TA proved the point. Surgery is declining...
Uh, no. That's a laughable misinterpretation.
You seem to have not actually read/understand what TA wrote, didn't read the link he provided, and/or perhaps more importantly didn't read what I wrote.
I tried to clearly summarize the big picture in my very first reply to this thread. Let's try again, but this time with more details. First, here's what TA wrote, or actually, quoted from the report he linked to:
Tall Allen said...
"by 2013 approximately equal percentages of patients were treated with each of the three modalities. Expectant management use increased over time, while the proportion of patients opting for surgery decreased remarkably with increasing age at diagnosis in intermediate‐ and higher‐risk disease...Among those who pursue curative therapy, younger men remain more likely to elect surgery whereas older men tend to choose radiotherapy."
Lets just narrow it down to the specific part of that quote that you seem to be confused on...
- It seems that you took this TA statement: "the proportion of patients opting for surgery decreased remarkably with increasing age at diagnosis in intermediate‐ and higher‐risk disease"... (his words)
- to mean: "Surgery is declining..." (your words)
It seems like you focused only on the words in red
to make your assumption; if you did (and I'm just assuming here that you did), then you were wrong.
What the SEER data shows (and what TA quoted) is that (1) as age increases use of surgery decreases, and (2) as the NCCN risk-levels increase, use of surgery decreases. This makes total sense and is not new information
. (1) When seeking treatment, older men are often not well suited for the rigors of surgery, and older men have less to worry about
in terms of late-term radiation side effects, so use of surgery decreases with age. (2) And with higher-risk cases, the likelihood of the case no longer being "localized" decreases the likelihood of "cure" from surgery alone, so the more severe the case, the more men opt for radiation as first-line treatment over surgery.

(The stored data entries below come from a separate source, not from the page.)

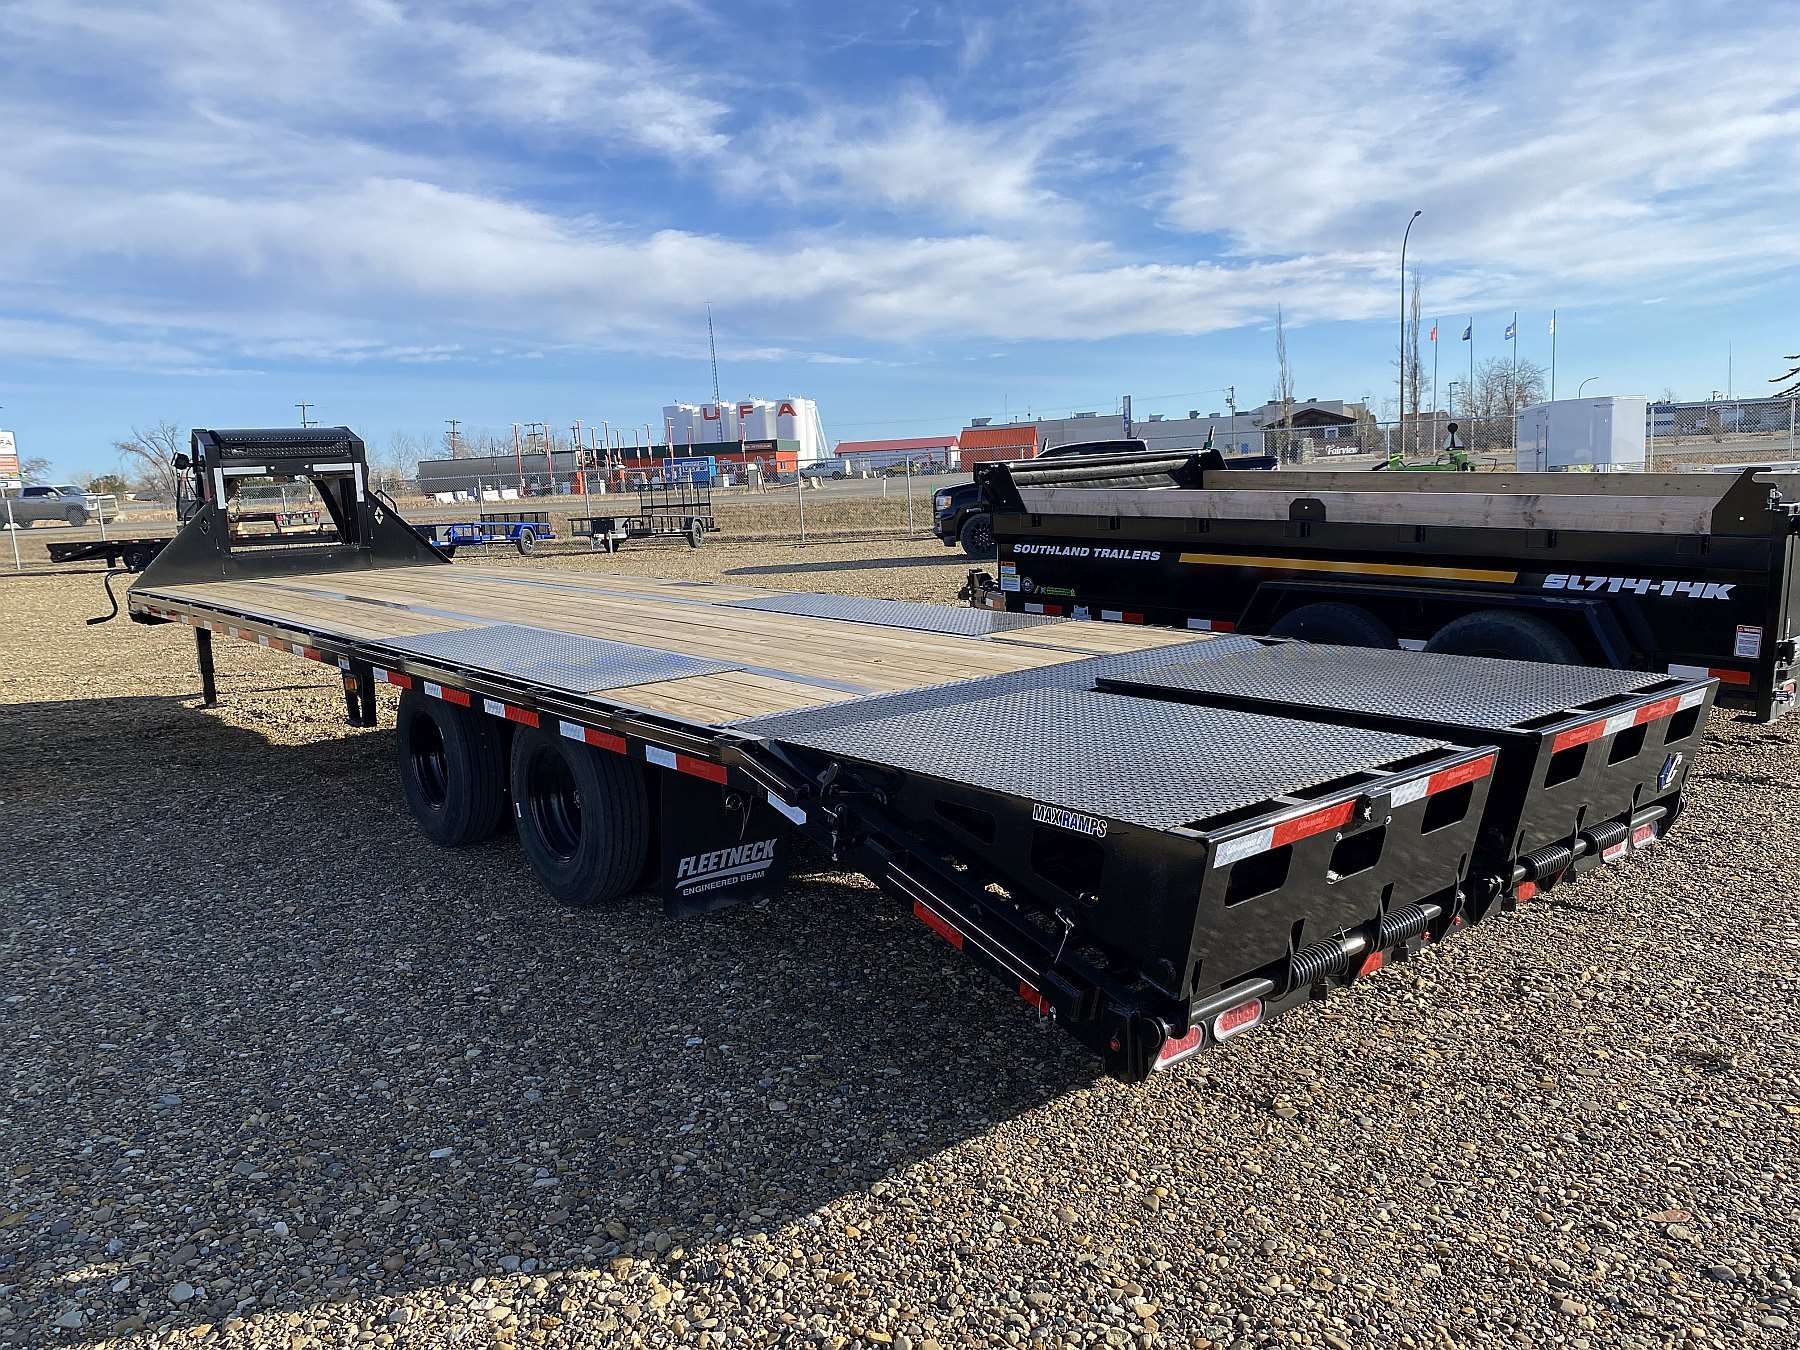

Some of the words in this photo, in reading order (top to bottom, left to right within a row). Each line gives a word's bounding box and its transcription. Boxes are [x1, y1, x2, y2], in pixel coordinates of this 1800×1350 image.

[1013, 543, 1090, 557] SOUTHLAND
[1093, 548, 1161, 561] TRAILERS
[1542, 573, 1737, 600] SL714-14K
[677, 838, 778, 879] FLEETNECK
[683, 877, 738, 896] ENGINEERED
[740, 870, 765, 882] BEAM

Kent M.'s and JNF's just-posted case-in-point.
So having resolved that element of your confusion, let's go back to your incorrect comment "Surgery is declining..."
In reality, use of surgery went slightly UP (although was generally flat) in the period of the SEER data (2004-2014); rough order of magnitude it was 35% of all choices in 2004, and its closer to but just under 40% recently in 2014. Flat.

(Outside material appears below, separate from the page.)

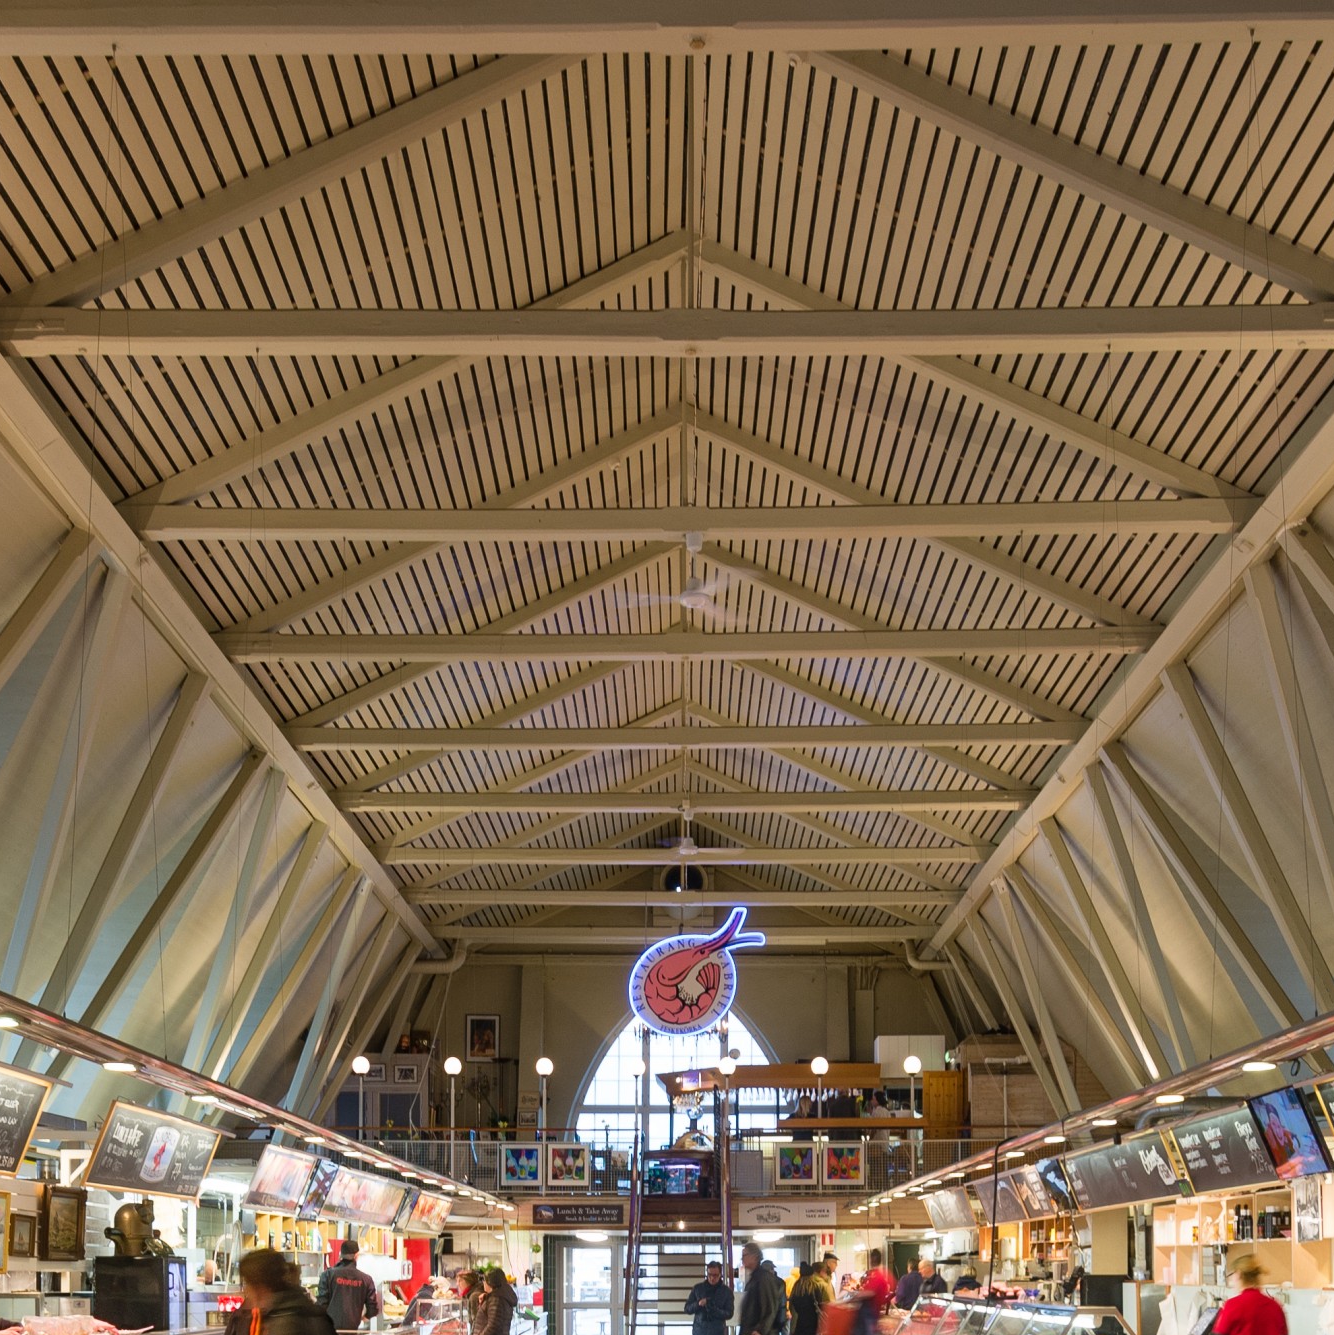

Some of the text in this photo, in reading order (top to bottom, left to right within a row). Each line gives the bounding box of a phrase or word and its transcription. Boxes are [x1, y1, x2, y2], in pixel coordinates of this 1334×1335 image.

What they term as "Expectant management" (the combination of AS & WW) went UP during the period. The sum of all radiation forms of treatment went DOWN during the period.
Today (as of 2014), these three modes are roughly
the same proportions (also see 1st sentence is TA's quote): using SEER data, surgery is now just under 40% (as I mentioned), all radiation is a hair over 30% (down from about
40% in 2004), and expectant management is hair over 25%. Again, roughly
the three are the same order of magnitude today, although when you get specific, surgery is and remains largest. There is also, BTW, an "other" category which has remained at about
5% of all cases throughout the period.
In hindsight, my comment in my first post of this thread sums up the big picture pretty well, referring back to the original poster's question (except that the "2X" should be more like "4X"):
Surgery is the most common aggressive treatment, close to 2X as frequent as both the types of brachytherapy combined (the RT leader) but still about equal to the total of all forms of radiation combined.
In the OP, InTheShop was quoted as saying: "Surgery is on the decline as RT methods improve and as patients become more informed of their choices." Now you know that surgery is NOT on the decline. Furthermore, if InTheShop meant to imply that RT was increasing, you also now know that's incorrect, too.